In Memoriam

Damon Rarey, what a fantastic gift to my life, the best of friends. Damon and I were classmates. I came to Westerville in 1958, our ninth grade year. I don't remember the first time I met Damon, I suppose it was in Mr. Jones's Science class, where I liked to cut up as a attempt to be liked by all these new people. I remember Damon's step-brother, Jeff Kratoville was one of my earliest acquaintances and so maybe a link was established there. It seems like Damon has always been my friend. It doesn't make sense, thinking about it, that I was somehow surprised to find that Damon affected so many people, the way he did me. He had the most genuine way to of connecting with people. I have experienced no one better at it. I recently told another classmate that talking to Damon made me feel like my IQ had gone up ten points.

We always had long discussions. Often, say after football practice or some school activity, I would walk to Damon's house with him and hang out in his third floor room. Damon loved books and had scads of paperbacks on shelves in his room. He introduced me to many authors. I was led to Steinbeck by him and read everything of his I could get my hands on, and Catcher in the Rye was one of our sacred writs. This continued throughout our life. Damon was always leading me to great literature and movies. He loved movies and loved to quote lines from them, especially westerns, like One Eyed Jacks. We spent much time as teenagers talking philosophy and trying to solve all the worlds problems, and I often thought we had figured it all out. He was definitely so much more gifted and intelligent than I, but he had a way of always listening and understanding that made you feel very much equal. And his mother, Betty Lou, was just the same. I thought she was such a pretty lady, she always reminded me of Anne Bancroft. She had her hands full in those days, I'm sure, taking care of the household that included Damon, Courtney, Jason, Timothy and Matthew, but always supportive of Damon's friends and even defending them to outraged parents, when we had gotten into trouble.

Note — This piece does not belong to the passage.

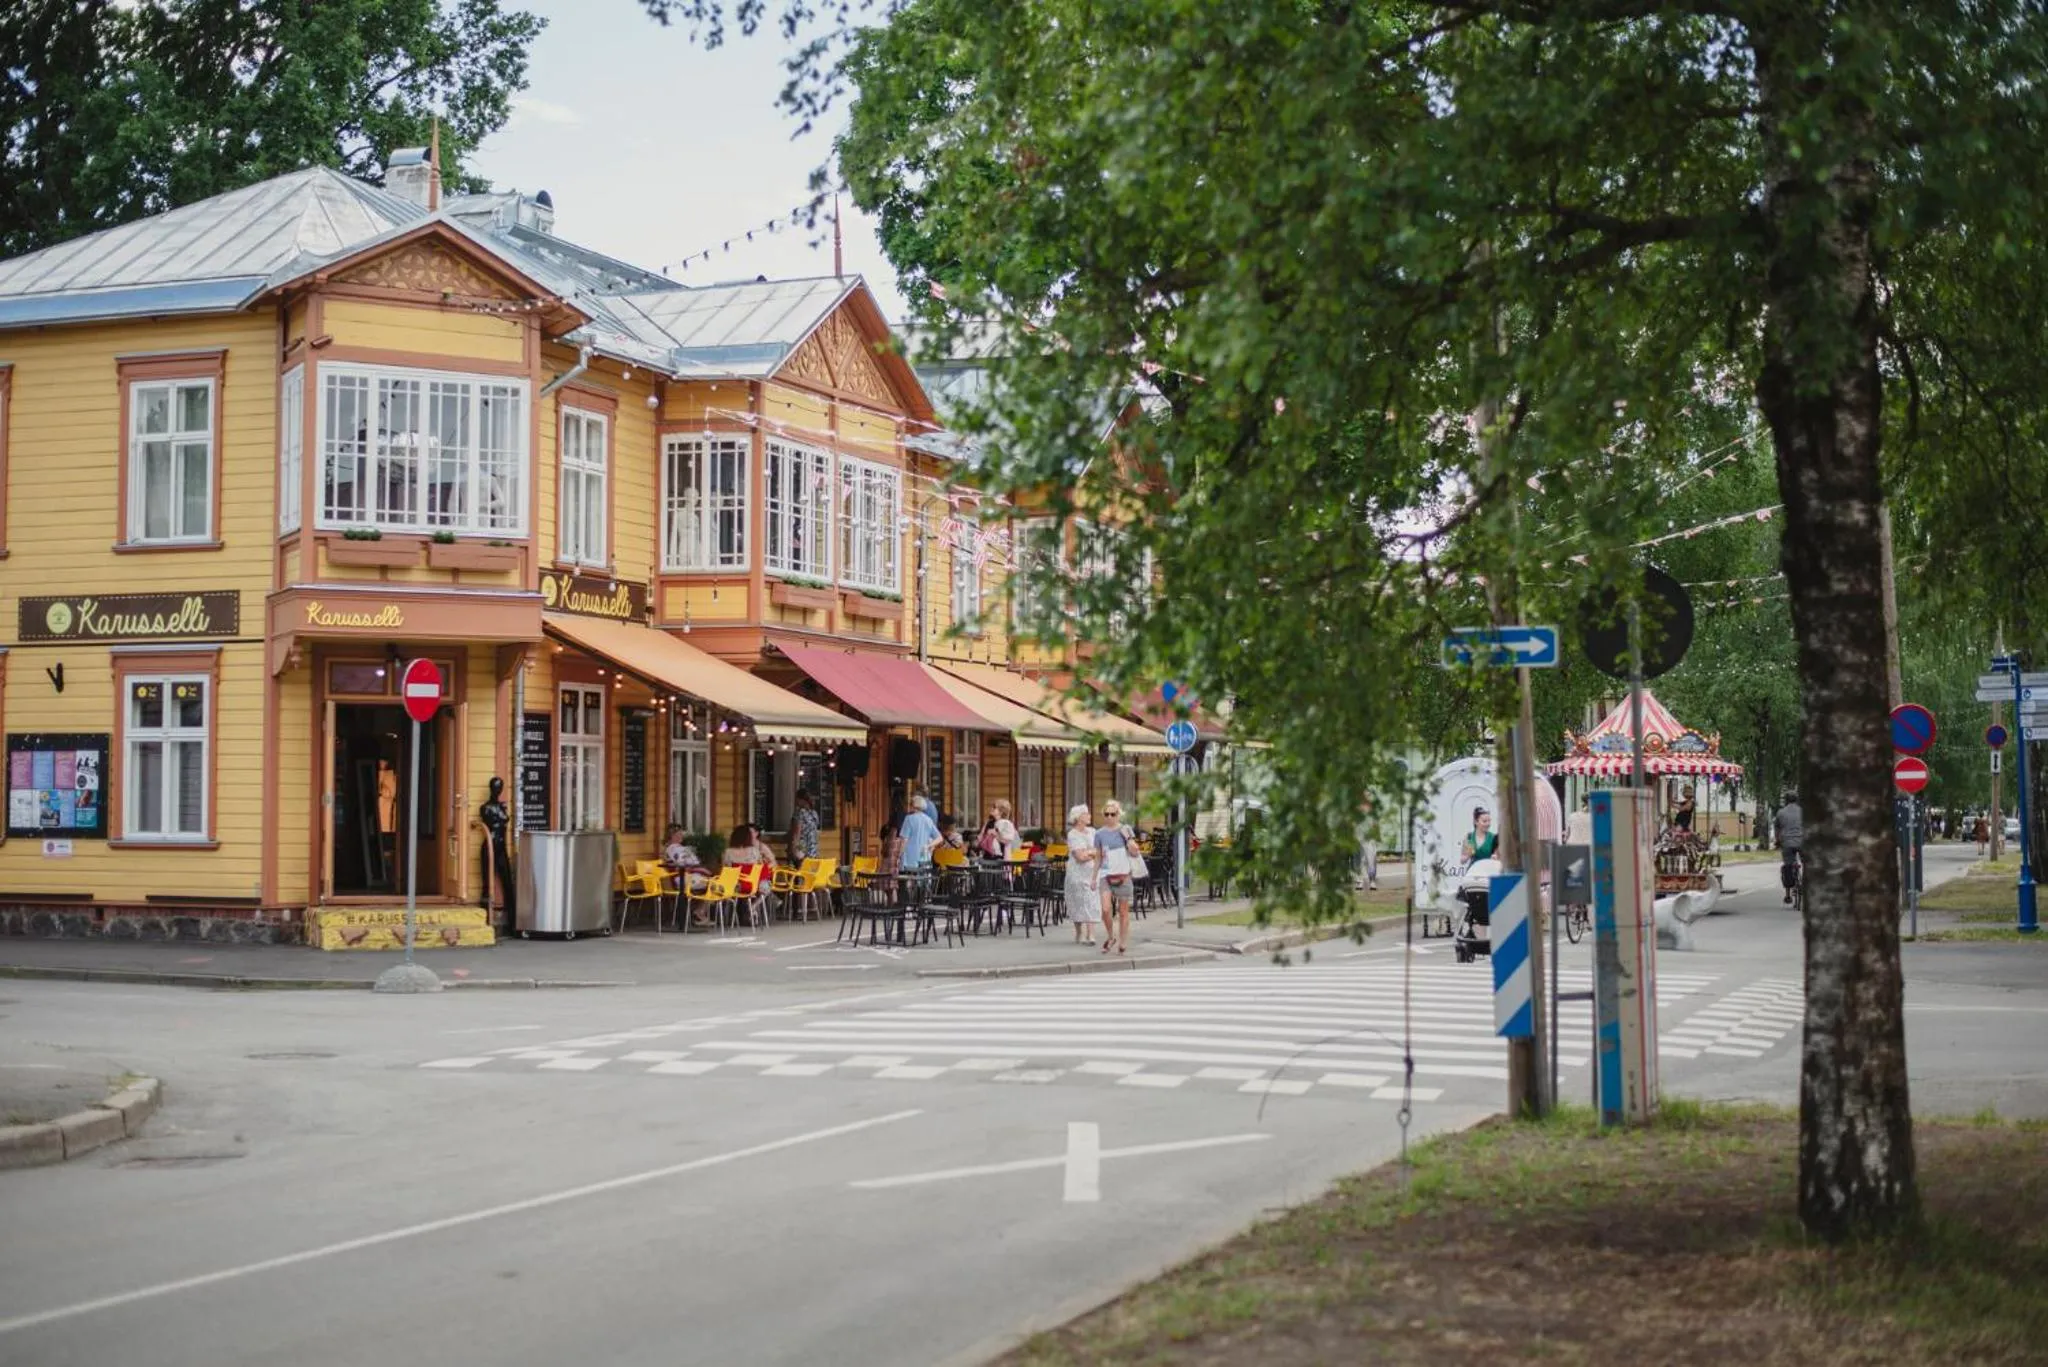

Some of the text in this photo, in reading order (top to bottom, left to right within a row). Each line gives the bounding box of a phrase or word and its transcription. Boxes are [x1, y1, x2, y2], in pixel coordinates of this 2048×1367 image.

[77, 596, 210, 635] Karusselli
[306, 602, 404, 628] Karusselli
[560, 574, 632, 618] Karusselli

Damon was a part of my teenage life that was adventuresome and fun. We loved to skip school with our buddies and go to the swimming hole at Alum Creek. A rope suspended from a branch of a willow out over the water gave us plenty of Tarzan like exercise.

We hitch hiked...everywhere. We hitched to Sandusky to see my brother and visit Cedar Point and chase after cute teenage girls. Damon loved girls. And I think girls loved Damon. We didn't find much romance, but we sure did think and talk about it. We hitched all over Columbus. I remember hitching down Cooke Rd. and we were walking by Watterson High School and saw that a play had been scheduled for that night and we just spontaneously went in and watched. Damon could find culture hitch hiking. He led me to it, otherwise I would have missed it.

We read these books and we fantasized about doing the things we read. I think this is what led us to hitch hike the United States after we graduated. I'm sure my parents thought they would never see us again, but we had parental blessings and we were on our way. We were deposited at the outskirts of Columbus by our mutual good friend, John Miller and we were on our way in the summer of '62. We traveled to New York City first and stayed with Damon's uncle Art, who owned a restaurant in Queens, and then to shorten the story of long trip, I'll say we went to West Virginia and stayed in the boondocks with a childhood friend of my dad's, then south to New Orleans and west to excursions into Mexico and on to California. In all we traveled thousands of miles and had great experiences and laughs, all on $100 each, of which we had bought $30 worth of switch blade knives in Tijuana, Mex. We stayed in YMCA's, slept along the road, even on top of clothes dryers in a Laundromat in the desert. We did really learn to "live off the fat of the land, George" (line from Of Mice and Men) and it was one of the all time great experiences I could only attempt with the greatest of friends.

I could go on forever about the impact and beauty that Damon's presence in my life has made and I miss him very much but I am so thankful for the wonderful gift in my life that ol' Rarey has made. I love you Damon.